One of the treats for me was detecting the dust lane in NGC 3628. This was an almost invisible galaxy even on best nights when using my C14, but with the image intensifier and the benefit of a very good night, I was able to see this lane for the first time. It was not all that prominent because the galaxy itself does not have a particularly dense core to help it stand out, but it was nice to see this feature.
M65 and M66 were very interesting in that catalog puts M66 as the larger of the two, but due to the nearly face on orientation, the arms were so faint as to be extremely difficult to see (and usually not this good from my back yard, but a good night), but the neighboring M65 was awesome! While I could not really say I was able to pick out the small dust lane, this was probably the prettiest galaxy of the night. The perspective of tilt seemed to be quite pronounced. Absolutely the best view ever from my back yard.
Markarian's Chain was an easy star hop and as with almost all of these other observations, the best ever from my back yard.
A nice catch for me (first observation) was the Globular Cluster NGC 4147. Visual magnitude is 10.31 and a total fail in the past using up to the C14. It is a tiny little thing so even in the 12" at prime focus, at 4.4 arc minutes, it simply does not have enough extension to make it a grand object, and the core, while very bright, was just merged because there was no separation there, and the halo was just a very light sprinkling of stars. I do not know the magnitude of these stars, but I am guessing in the Mag 14 and fainter range? I just don't know, but since it was the first time I have ever seen it, I was delighted to have logged it.

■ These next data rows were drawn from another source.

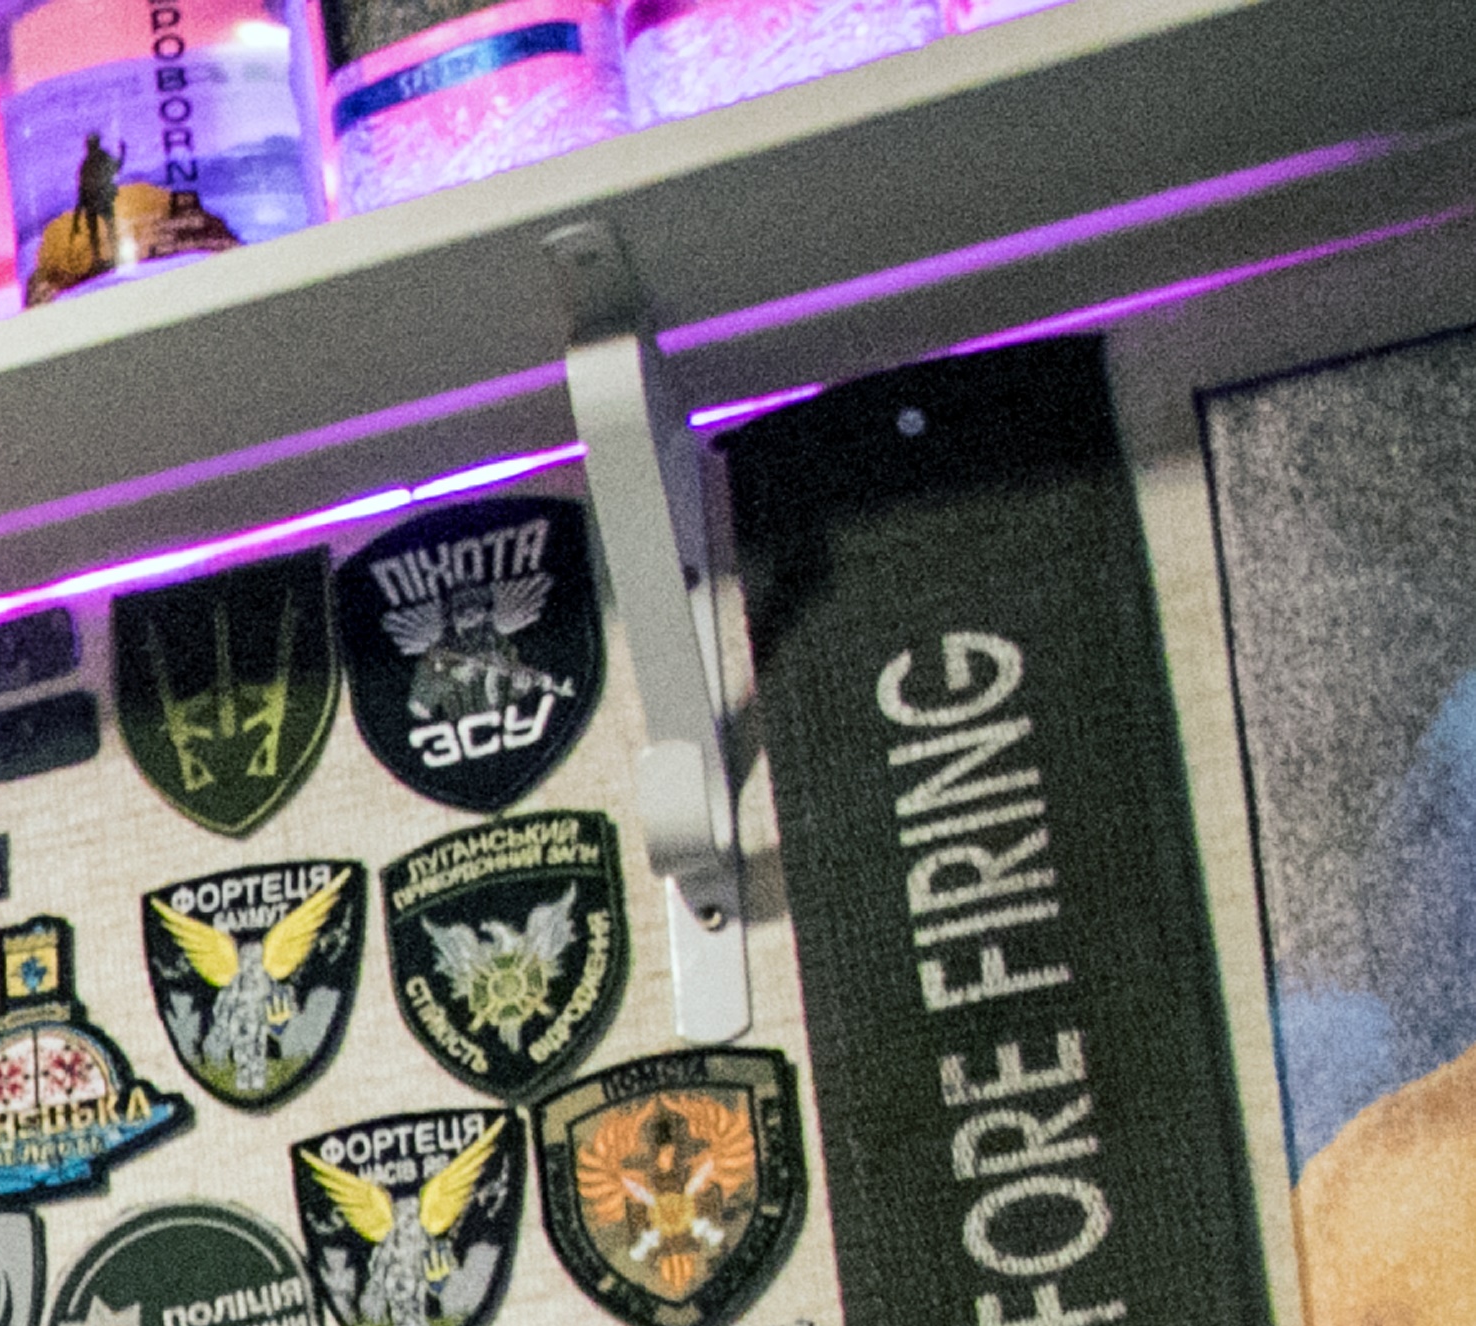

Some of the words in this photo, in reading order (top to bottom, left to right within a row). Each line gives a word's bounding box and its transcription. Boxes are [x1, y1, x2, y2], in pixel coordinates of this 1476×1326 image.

[372, 520, 550, 606] ПІХОТА
[408, 690, 556, 769] ЗСУ
[408, 819, 580, 884] ЛУГАНСЬКИЙ
[876, 626, 1075, 1013] FIRING
[172, 864, 332, 916] ФОРТЕЦЯ
[319, 1111, 487, 1167] ФОРТЕЦЯ
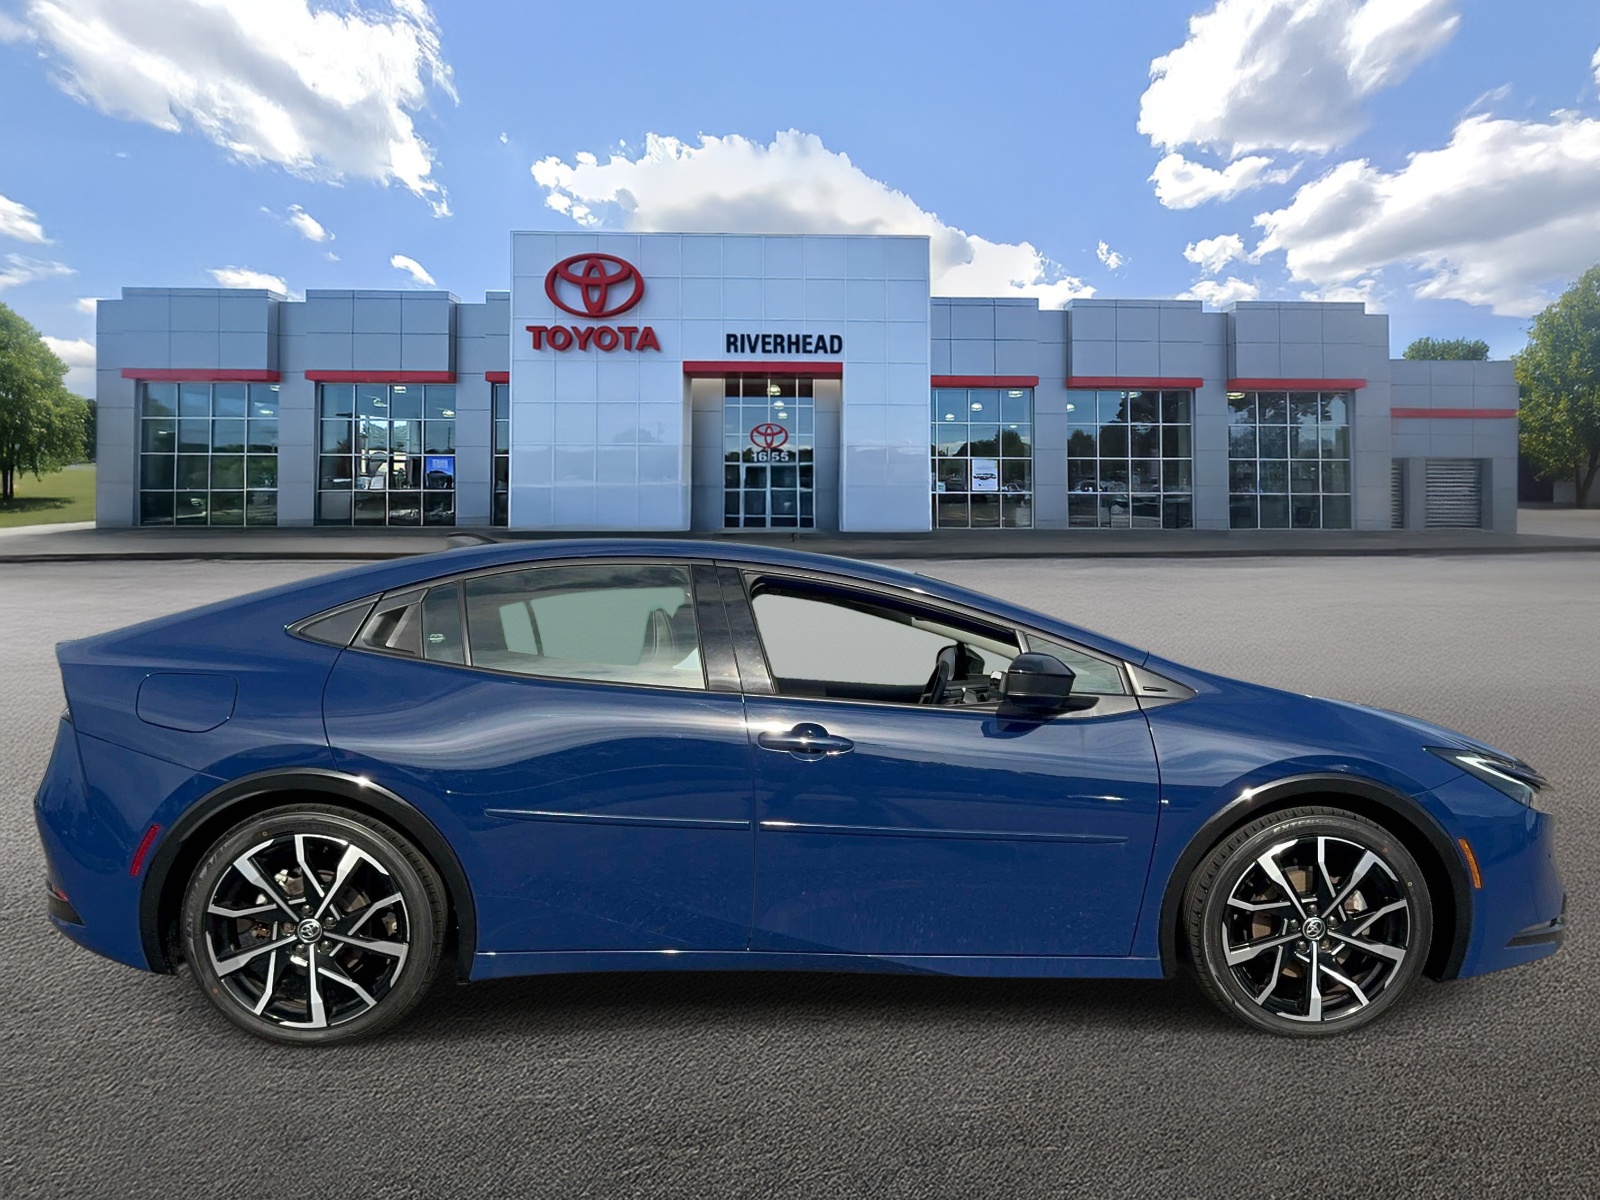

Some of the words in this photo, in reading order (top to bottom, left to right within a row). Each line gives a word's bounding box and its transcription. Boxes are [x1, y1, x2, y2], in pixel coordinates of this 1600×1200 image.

[525, 325, 661, 352] TOYOTA
[725, 333, 843, 355] RIVERHEAD
[751, 451, 789, 462] 1655

I was thrilled. I attribute this in equal measures to the uncommonly good sky conditions (for my location) and the nice performance of the newest tube. Even at f/4.9, there was practically no noise of scintillation and this made the journey particularly pleasant. There is not much here that was new for me, but almost everything here was more enjoyable than would be typical.

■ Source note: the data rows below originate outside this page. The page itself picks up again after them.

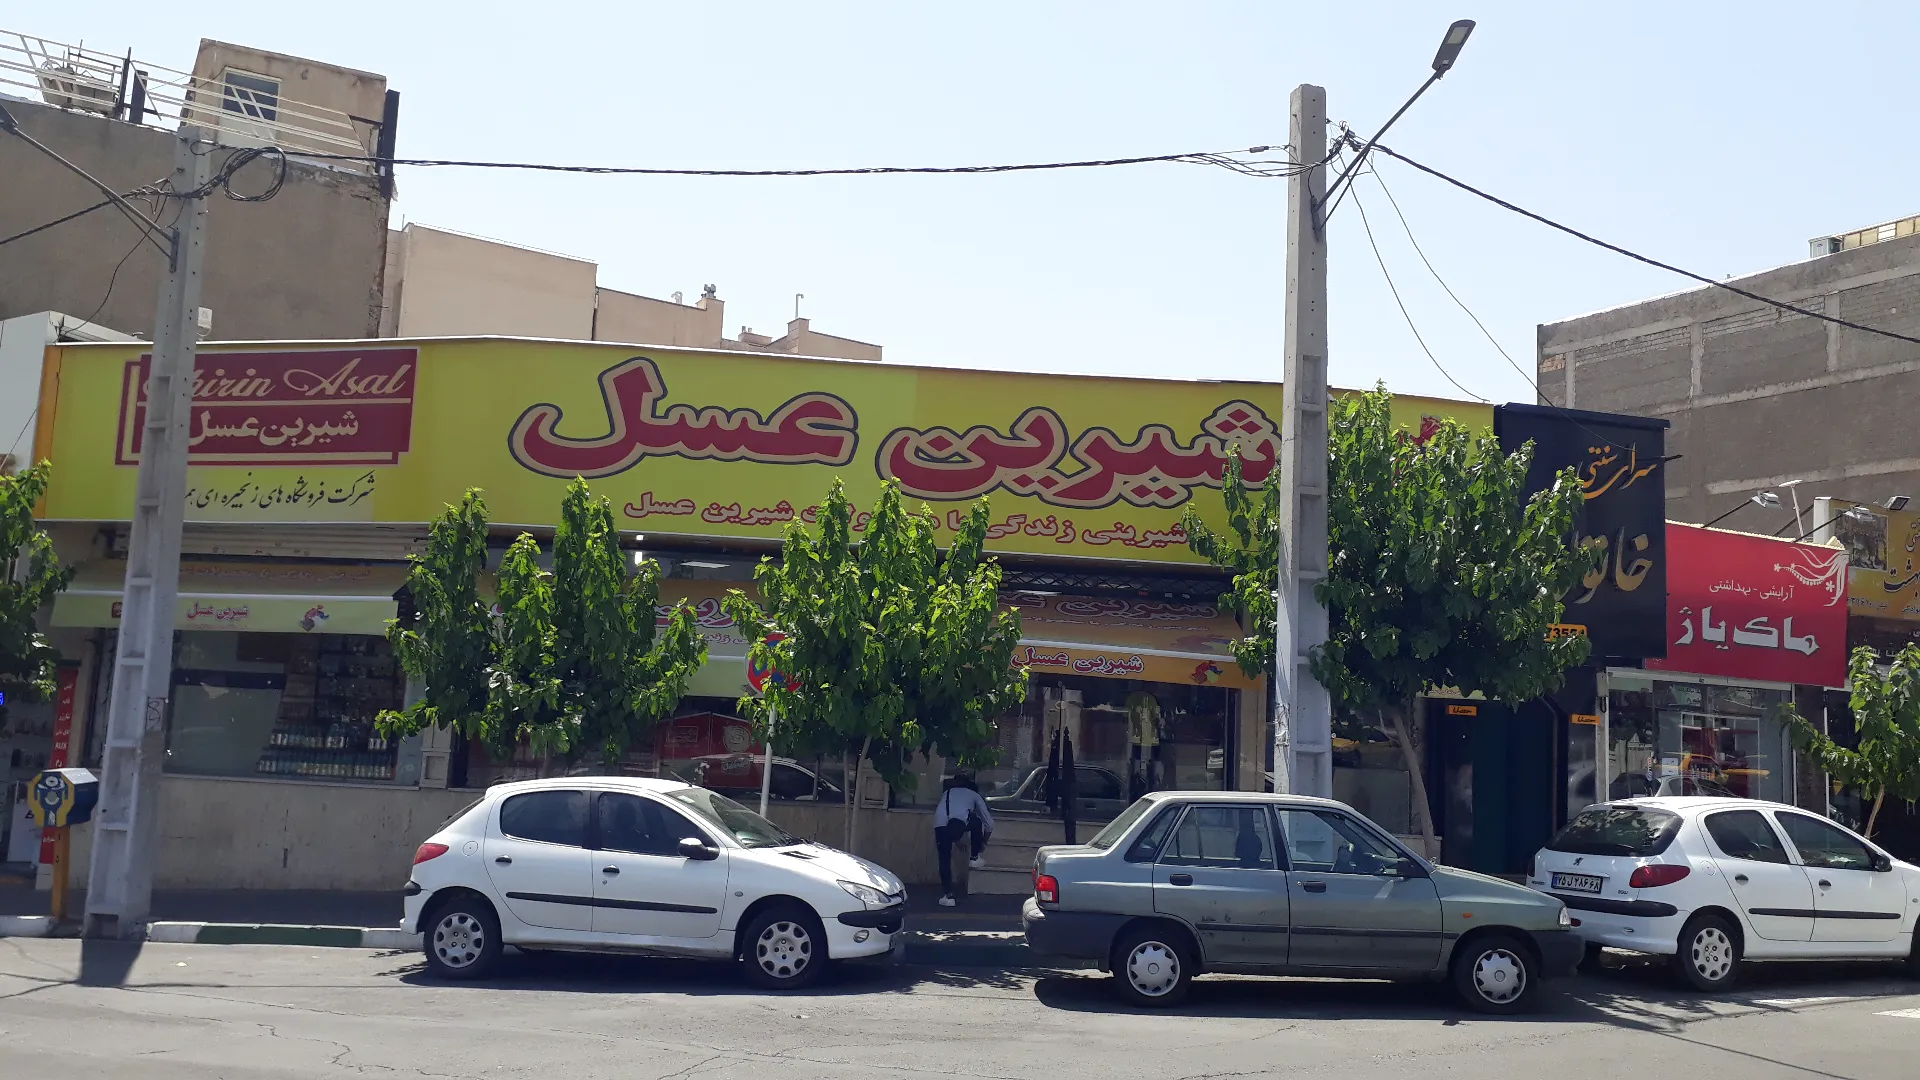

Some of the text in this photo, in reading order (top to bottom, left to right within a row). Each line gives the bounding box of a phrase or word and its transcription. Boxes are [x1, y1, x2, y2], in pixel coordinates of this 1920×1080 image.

[284, 357, 411, 397] Asal
[189, 410, 359, 447] شیرین عسل
[508, 356, 1283, 509] شیرین عسل
[285, 476, 325, 508] فروشگاه
[327, 470, 375, 507] شرکت
[623, 490, 697, 518] عسل
[701, 499, 795, 526] شیرین
[1081, 521, 1188, 548] شیرینی
[1709, 579, 1752, 597] بهداشتی
[1759, 585, 1795, 602] آرایشی
[186, 602, 215, 620] عسل
[1010, 647, 1144, 675] شیرین عسل

I am eager for us to see our way past the scourge of disease that has gripped our planet but mankind's severe impact on the environment is being lessened if at least temporarily, and during this time, I am hoping my sky conditions hold out just a few more days so I can get the Coma galaxies higher in the sky. I rarely do a past 11:00 PM session, but if I have similar or better conditions tonight (we started a lock down at midnight last night) I will make an exception and stay up tonight for a rare-for-me post midnight session!
Stay safe. I worry as much for the brave medical professionals and non-covid 19 patients as I do for myself. They medical professionals are the true heros in this story. I don't know if it is bravery or just an intense desire to help people, but whatever it is, they have my absolute admiration as being the greatest resource we have at this moment in time. If you are anyone you know is a medical professional dealing with this, make sure you express your gratitude and If you are one, you have mine. Thank you for being on the front lines in spite of a system that is failing you. That is courage or devotion. I don't know which, but thank you for reaching deep for it.
Edited by Eddgie, 25 March 2020 - 10:38 AM.